The insanity of our high stakes testing policy

by teacherken

Community

(This content is not subject to review by Daily Kos staff prior to publication.)

Thursday, Mar. 01, 2007 Thursday, Mar. 01, 2007 at 4:24:47pm PST

The more any quantitative social indicator is used for social decisionmaking, the more subject it will be to corruption pressures and the more apt it will be to distort and corrupt the social processes it is intended to monitor.

The foregoing is known as Campbell's Law, and it first appeared in print in Campbell, D. T. (1975). Assessing the impact of planned social change. In G. Lyons (Ed.), Social research and public policies: The Dartmouth/OECD Conference. (Chapter 1, pp 3-45). Hanover, NH: Dartmouth College, The Public Affairs Center. (p. 35). Serious social scientists have thus been aware for three decades of the dangers of things like high stakes tests, which make our excessive use of them (in NCLB and elsewhere) ridiculous, counterproductive, if not downright insane. And it is why a book officially out next week is so important. The book, by David Berliner and Sharon Nichols, is entitled Collateral Damage: How High-Stakes Testing Corrupts America's Schools

David Berliner is the Regents Professor and Dean of the College of Education at Arizona State, and one of the most eminent education researchers in America. He has served as President of the American Educational Research Association and of the American Psychological Association's Division of Educational Psychology. He was coauthor, along with Bruce Biddle, of The Manufactured Crisis: Myths, Fraud, and the Attack on America's Public Schools, which totally took apart A Nation at Risk, the reagan-era screed about the failing nature of our public schools. His coauthor Sharon Nichols, is an Assistant Professor at the University Of Texas at San Antonio. Their new book is derived from work previously released in PDF form and entitled The Inevitable Corruption of Indicators and Educators Through High-Stakes Testing (which is an almost 200 page PDF available for free from The Educational Policy Studies Laboratory at Arizona State). Let me quote the ten categories of hundresds examples of the corruption wrought by high stakes tests as identified in this earlier work:

Administrator and Teacher Cheating: In Texas, an administrator gave students who performed poorly on past standardized tests incorrect ID numbers to ensure their scores would not count toward the district average.

Student Cheating: Nearly half of 2,000 students in an online Gallop poll admitted they have cheated at least once on an exam or test. Some students said they were surprised that the percentage was not higher.
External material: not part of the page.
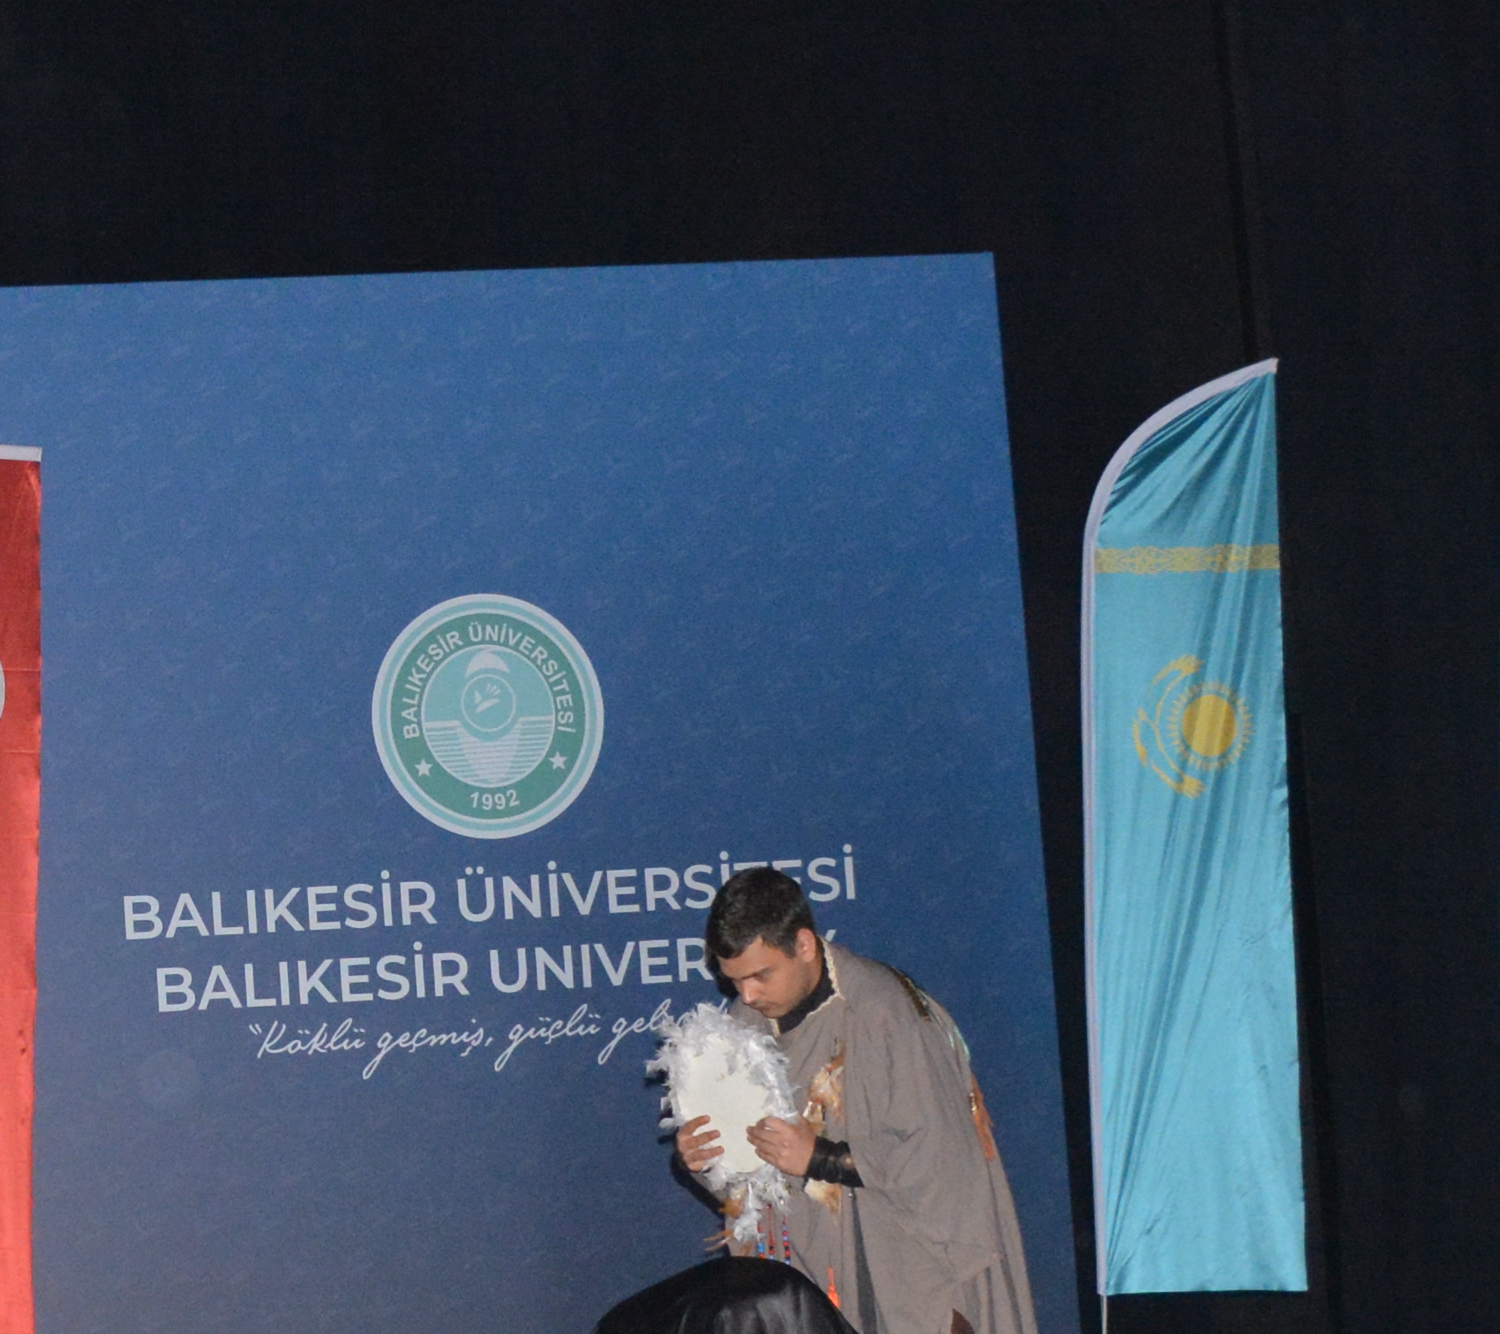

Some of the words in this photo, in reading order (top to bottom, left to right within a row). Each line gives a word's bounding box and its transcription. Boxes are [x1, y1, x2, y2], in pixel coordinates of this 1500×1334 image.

Exclusion of Low-Performance Students From Testing: In Tampa, a student who had a low GPA and failed portions of the state’s standardized exam received a letter from the school encouraging him to drop out even though he was eligible to stay, take more courses to bring up his GPA, and retake the standardized exam.

Misrepresentation of Student Dropouts: In New York, thousands of students were counseled to leave high school and to try their hand at high school equivalency programs. Students who enrolled in equivalency programs did not count as dropouts and did not have to pass the Regents’ exams necessary for a high-school diploma.

Teaching to the Test: Teachers are forced to cut creative elements of their curriculum like art, creative writing, and hands-on activities to prepare students for the standardized tests. In some cases, when standardized tests focus on math and reading skills, teachers abandon traditional subjects like social studies and science to drill students on test-taking skills.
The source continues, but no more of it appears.